DNA was extracted from 200 mg of feces content as previously described by Leser et al. (15). The DNA was purified using the QIAamp DNA Stool Mini Kit (QIAGEN, Hilden, Germany) and was finally dissolved in 30 μl autoclaved water and stored at −21°C.
Universal eubacterial primers 1 (5′-CCTACGGGAGGCAGCAG-3′) and 2 (5′-ATTACCGCGGCTGCTGG-3′), described by Muyzer et al. (22), were used for PCR amplification. Forward primer 1 carried a GC clamp (5′-CGC CCG CCG CGC CCC GCG CCC GTC CCG CCG CCC CCG CCC G-3′) at the 5′ end (27). Aliquots (10 μl) of the extracted DNA were added to the following MasterMix to give a 50-μl PCR mixture: 20 μl of Eppendorf MasterMix (2.5×; Eppendorf, Hamburg, Germany) and 40 pmol of each primer. Amplification was carried out in a PTC-225 thermal cycler (MJ Research, Waltham, Mass.) as a touchdown PCR. Initial denaturation was done at 96°C for 5 min, amplification was carried out using 20 cycles each including denaturation at 94°C for 1 min, annealing for 1 min starting at 65°C and decreasing by 0.5°C for each cycle, and extension at 72°C for 1 min. This was followed by five additional cycles of denaturation at 94°C for 1 min, annealing at 55°C for 1 min, extension at 72° for 1 min, and final extension at 72°C for 5 min. A final product length of approximately 200 bp was checked by electrophoresis on 2.0% agarose gels (Seakem GTG agarose; Cambrex, Rockland, Maine).
DGGE.
Denaturing gradient gel electrophoresis (DGGE) was carried out using a Dcode Universal Mutation Detection System instrument according to the manufacturer′s instructions (Bio-Rad Laboratories, Hercules, California). The acrylamide concentration in the gel was 9%, and the linear denaturing gradient was 25% to 65% (100% denaturant corresponds to 7 M urea and 40% deionized formamide). PCR products (13 μl) were mixed with 3 μl loading dye and loaded to the bottom of the well. Gels were run in 1× Tris-acetate-EDTA (TAE) at 60°C for 16 h at 36 V and 28 mA. Gels were stained with the fluorescent dye Gelstar (Biowhittaker, Walkersville, Maine) for 45 min.

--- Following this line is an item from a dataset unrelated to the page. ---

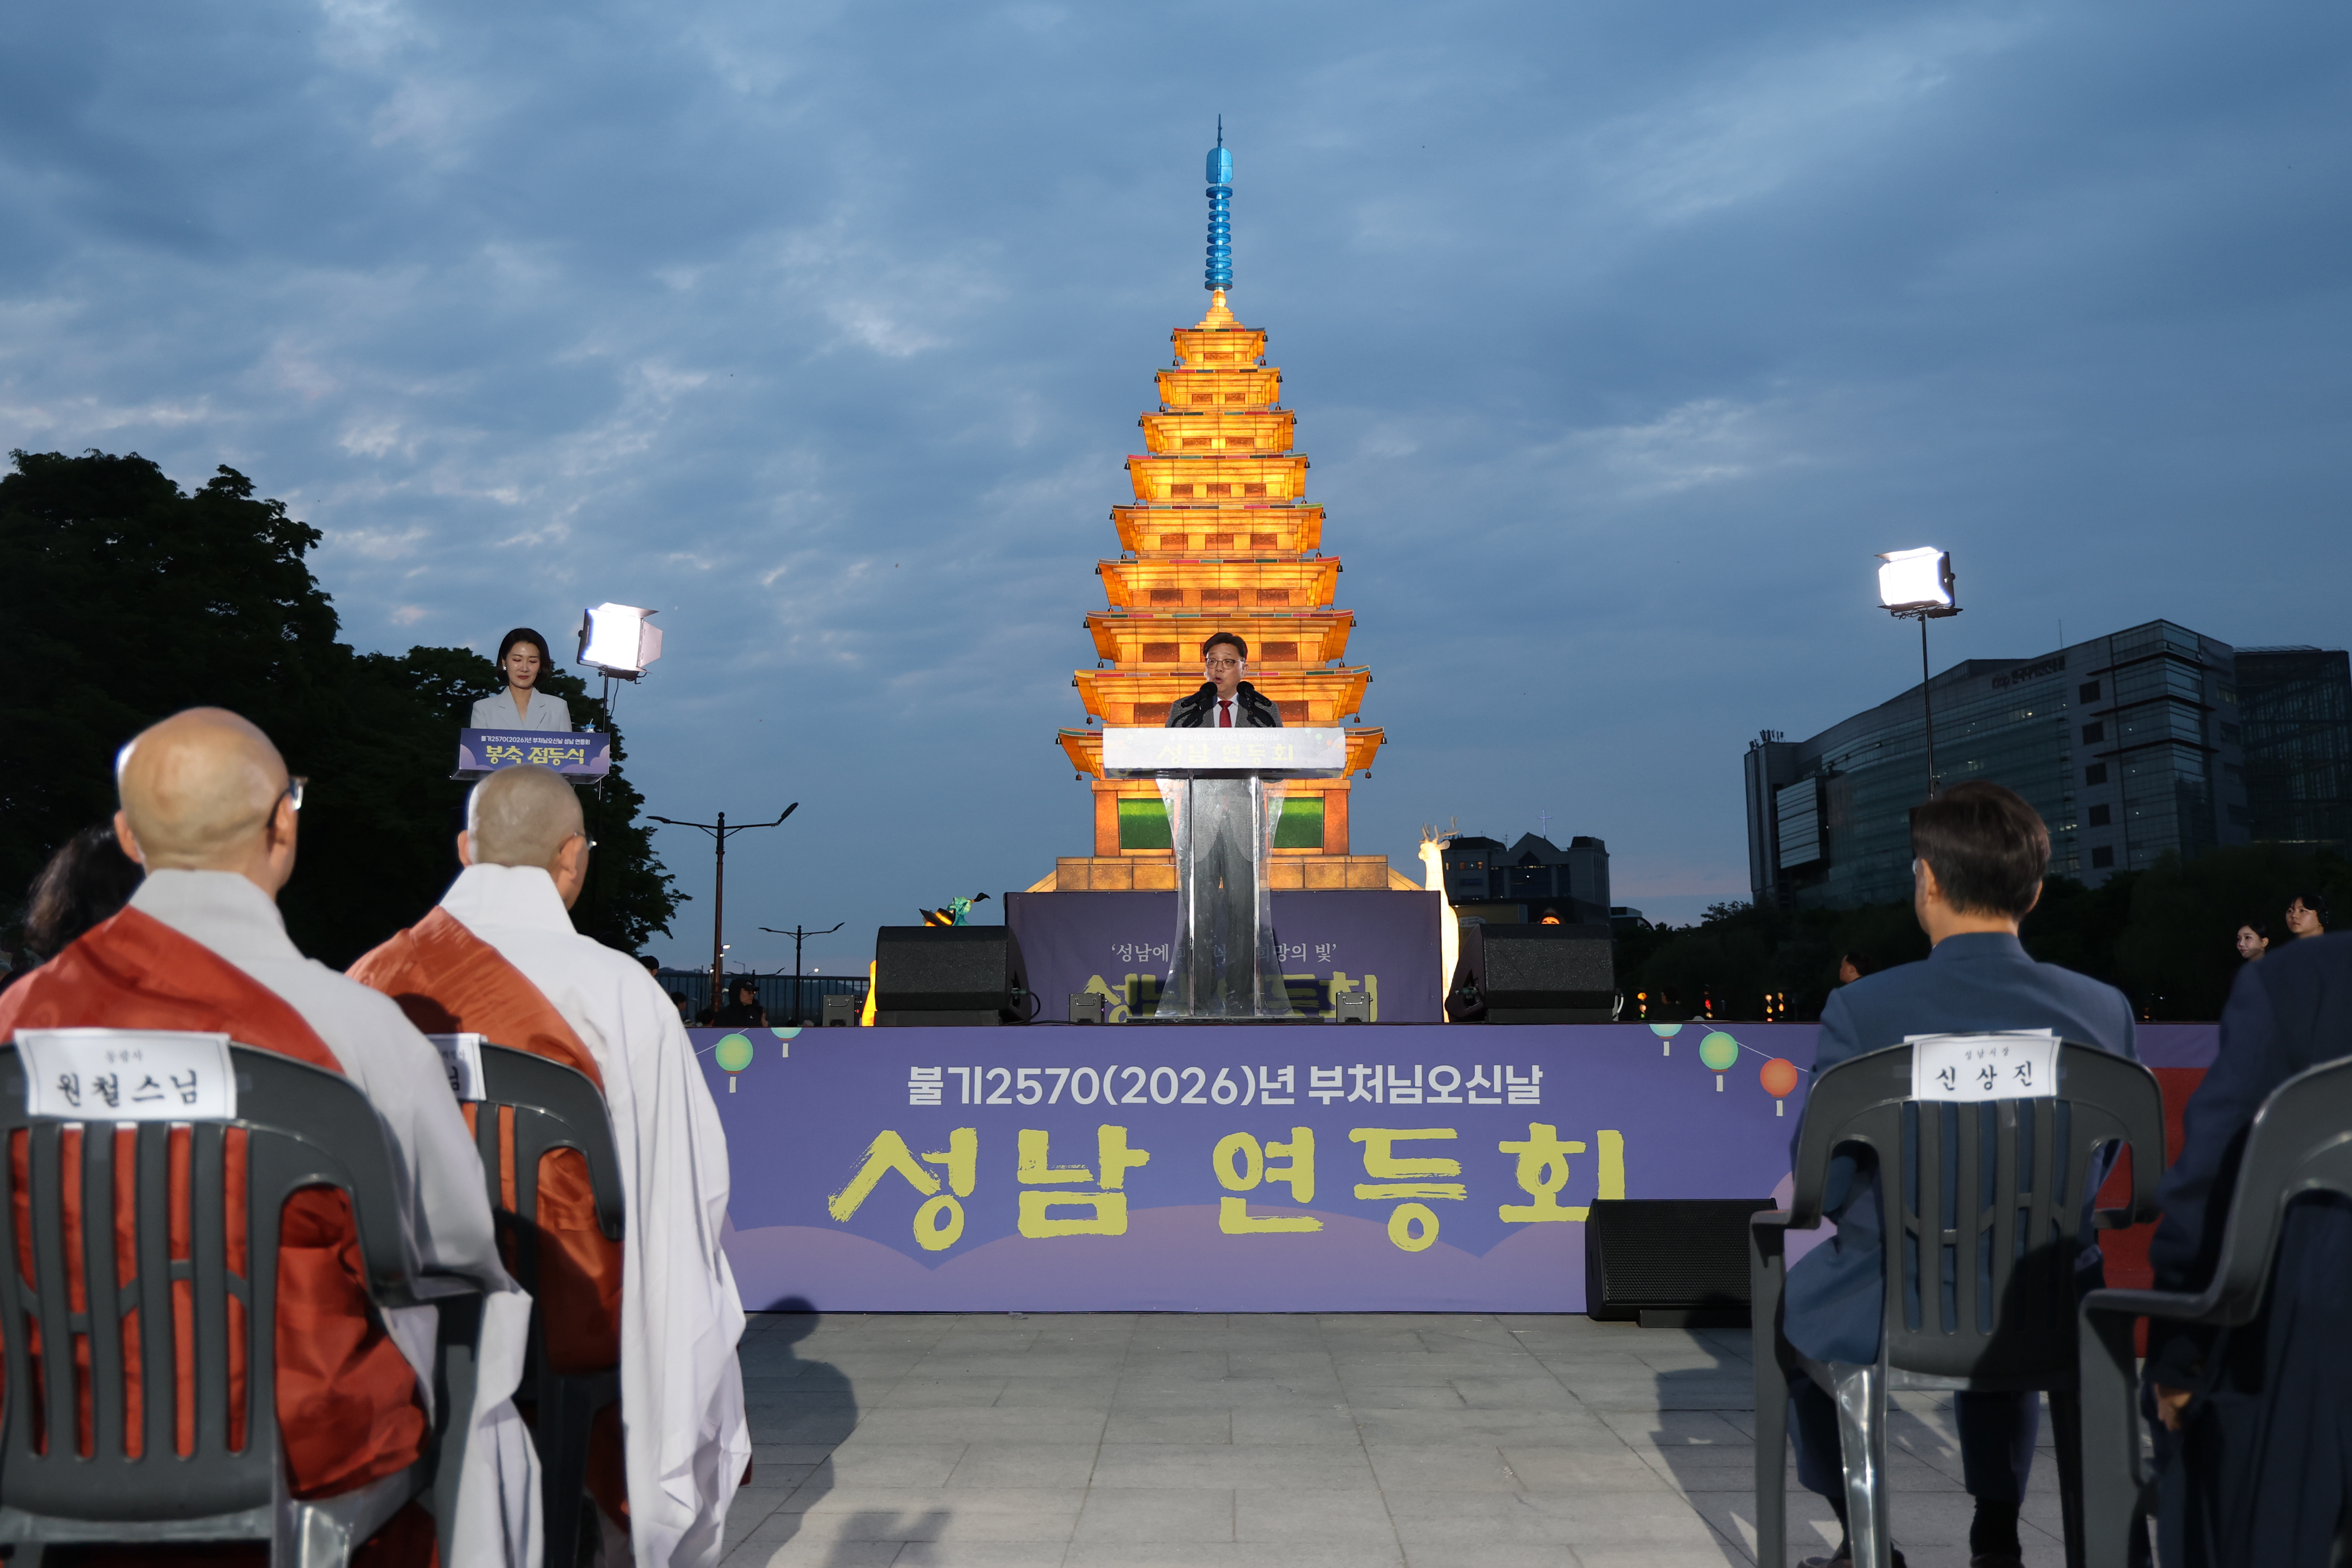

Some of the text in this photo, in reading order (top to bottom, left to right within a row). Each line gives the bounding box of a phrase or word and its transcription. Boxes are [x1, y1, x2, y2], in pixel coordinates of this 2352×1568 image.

Indirect competitive immunoassay for detection of nisin in intestinal and fecal samples.
Pure nisin A (Chr. Hansen A/s) was conjugated to keyhole limpet hemocyanin by use of glutaraldehyde as previously described (18). The nisin A-keyhold limpet hemocyanin conjugate was dialyzed against PBS (Oxoid) and mixed (1:1, vol/vol) with Freund's complete adjuvant for the first immunization and Freund's incomplete adjuvant for the following immunizations. Rabbits were immunized each third week and bleedings collected 9 days after each immunization. The blood was centrifuged and the serum analyzed by Western blotting for nisin A-specific antibodies. The serum collected after the third immunization was used for the purification of antibodies against nisin A by affinity chromatography. The specificity of the antibodies was verified against media and fecal extracts.

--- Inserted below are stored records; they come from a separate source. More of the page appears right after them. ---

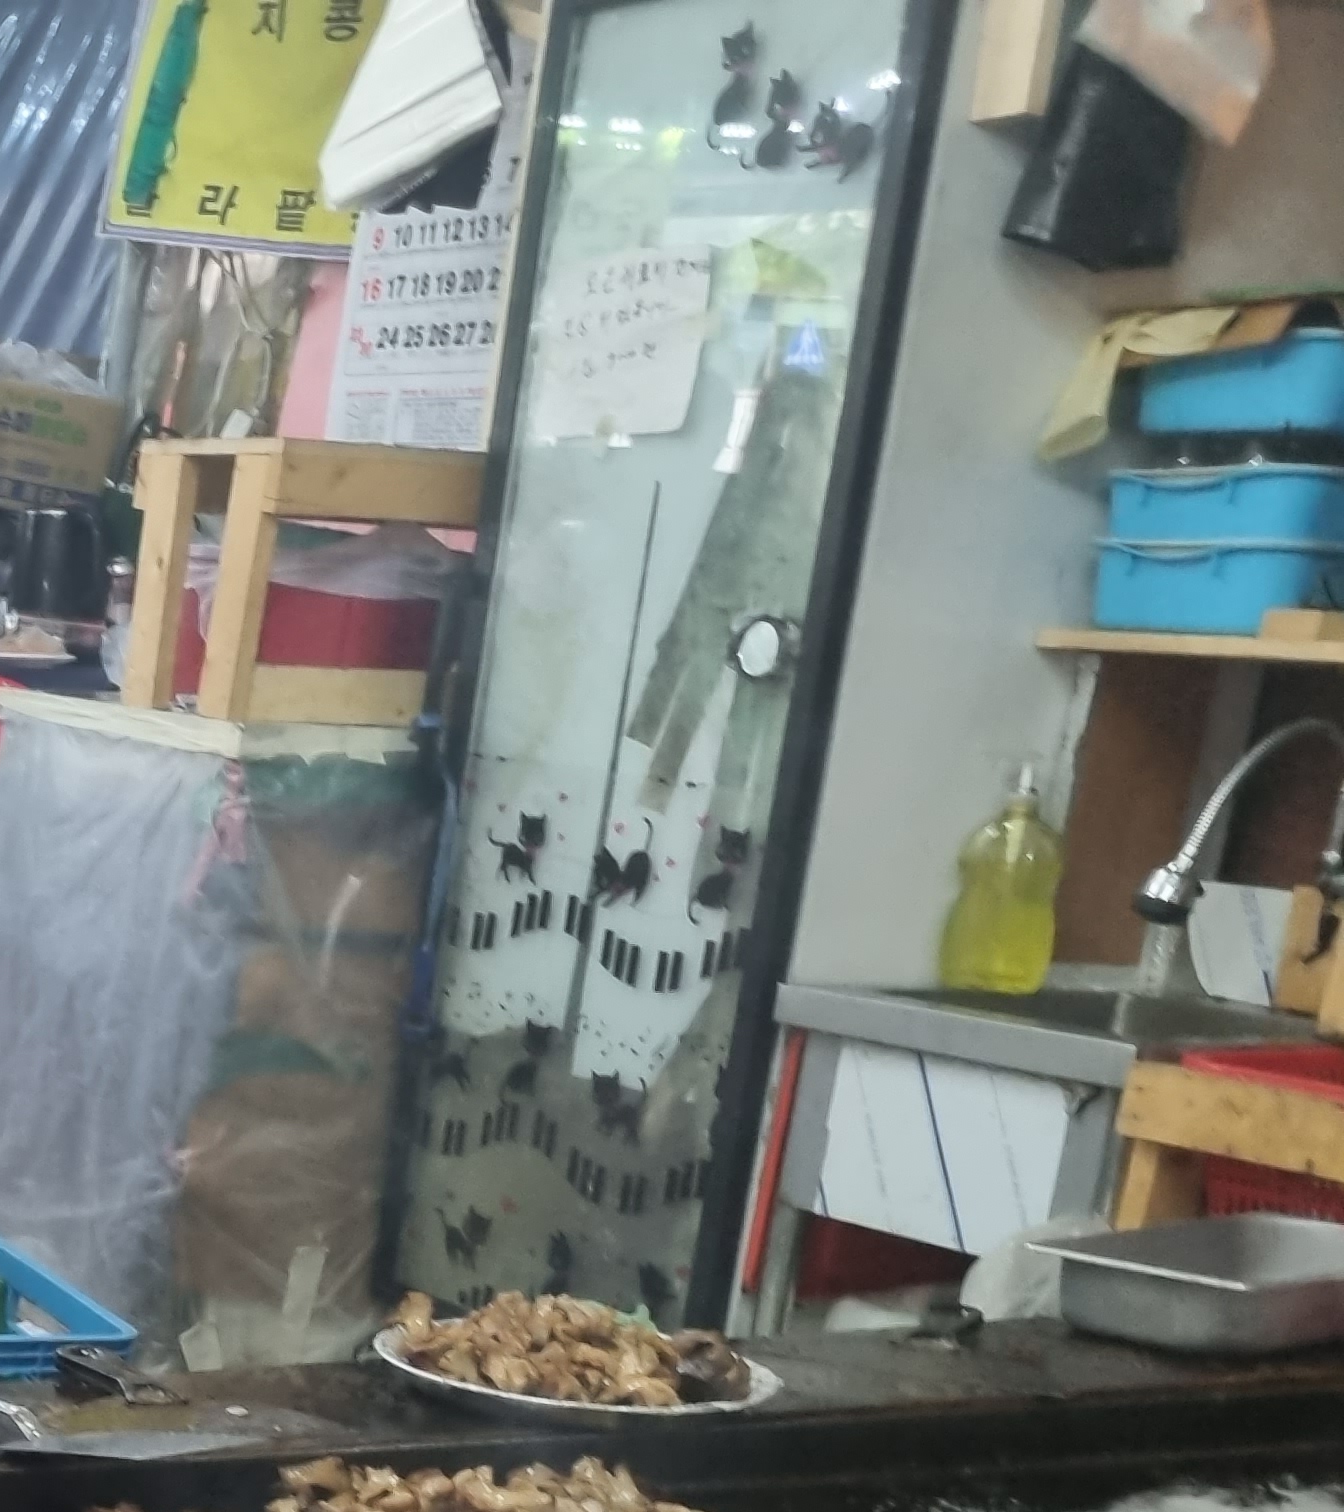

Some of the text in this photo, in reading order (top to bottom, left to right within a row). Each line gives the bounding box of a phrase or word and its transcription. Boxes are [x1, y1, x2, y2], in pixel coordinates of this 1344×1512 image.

[372, 227, 385, 250] 9
[394, 224, 414, 248] 10
[419, 221, 438, 246] 11
[443, 217, 465, 243] 12
[469, 214, 490, 240] 13
[362, 278, 383, 301] 16
[387, 273, 407, 299] 17
[413, 271, 431, 298] 18
[435, 270, 458, 296] 19
[461, 268, 485, 293] 20
[375, 326, 400, 349] 24
[404, 325, 425, 348] 25
[428, 322, 451, 348] 26
[454, 320, 478, 346] 27

Pure nisin antigen was used to coat enzyme-linked immunosorbent assay (ELISA) plates for competitive immunoassays. One hundred percent pure nisin was dissolved in 100% dimethyl sulfoxide (DMSO; 1 mg/ml) and diluted 10,000-fold to a final concentration of 100 ng/ml in 0.1 M sodium carbonate-bicarbonate buffer (pH 9.0). Fifty microliters of the solution was used for coating each well of the ELISA plates (Maxisorp; Nunc, Roskilde, Denmark) overnight at 4°C. After washing with washing buffer (1× Tris-buffered saline [TBS] with 0.05% Tween 20), the plate was treated with blocking solution (1× TBS, 1% polyvinylidenepyrrolidone 40, 2% Tween 20). The coated plate could be stored empty and frozen. Purified rabbit antiserum (50 μl/well diluted 1:16,000 in washing buffer) was added. Subsequently, triplicates of 50 μl intestinal or fecal samples or standard solution of pure nisin all in multiple twofold dilutions were additionally added, followed by incubation either overnight at 4°C or at room temperature with shaking for 2 to 3 h. After removal of unbound material (five repeated washes), 150 μl secondary alkaline phosphatase-conjugated anti-rabbit immunoglobulin (Dako-Cytomation, Glostrup, Denmark) diluted 1:30,000 in washing buffer was added to each well and incubated for 2 h at room temperature. After seven repeated washes, 50 μl ELISA alkaline phosphatase amplifier NADPH substrate (GibcoBRL, Paisley, United Kingdom) was added to each well and the plates were incubated for 20 min at room temperature. Subsequently, 50 μl ELISA amplifier solution (GibcoBRL, Paisley, United Kingdom) was added to each well and incubated for an additional 20 min, followed finally by the addition of 50 μl stop solution (0.2 N sulfuric acid) per well. The optical density was measured at 495 nm on an ELISA reader. A detection limit (three times the standard deviation) of 5 ng/ml was obtained for this antigen-competitive ELISA.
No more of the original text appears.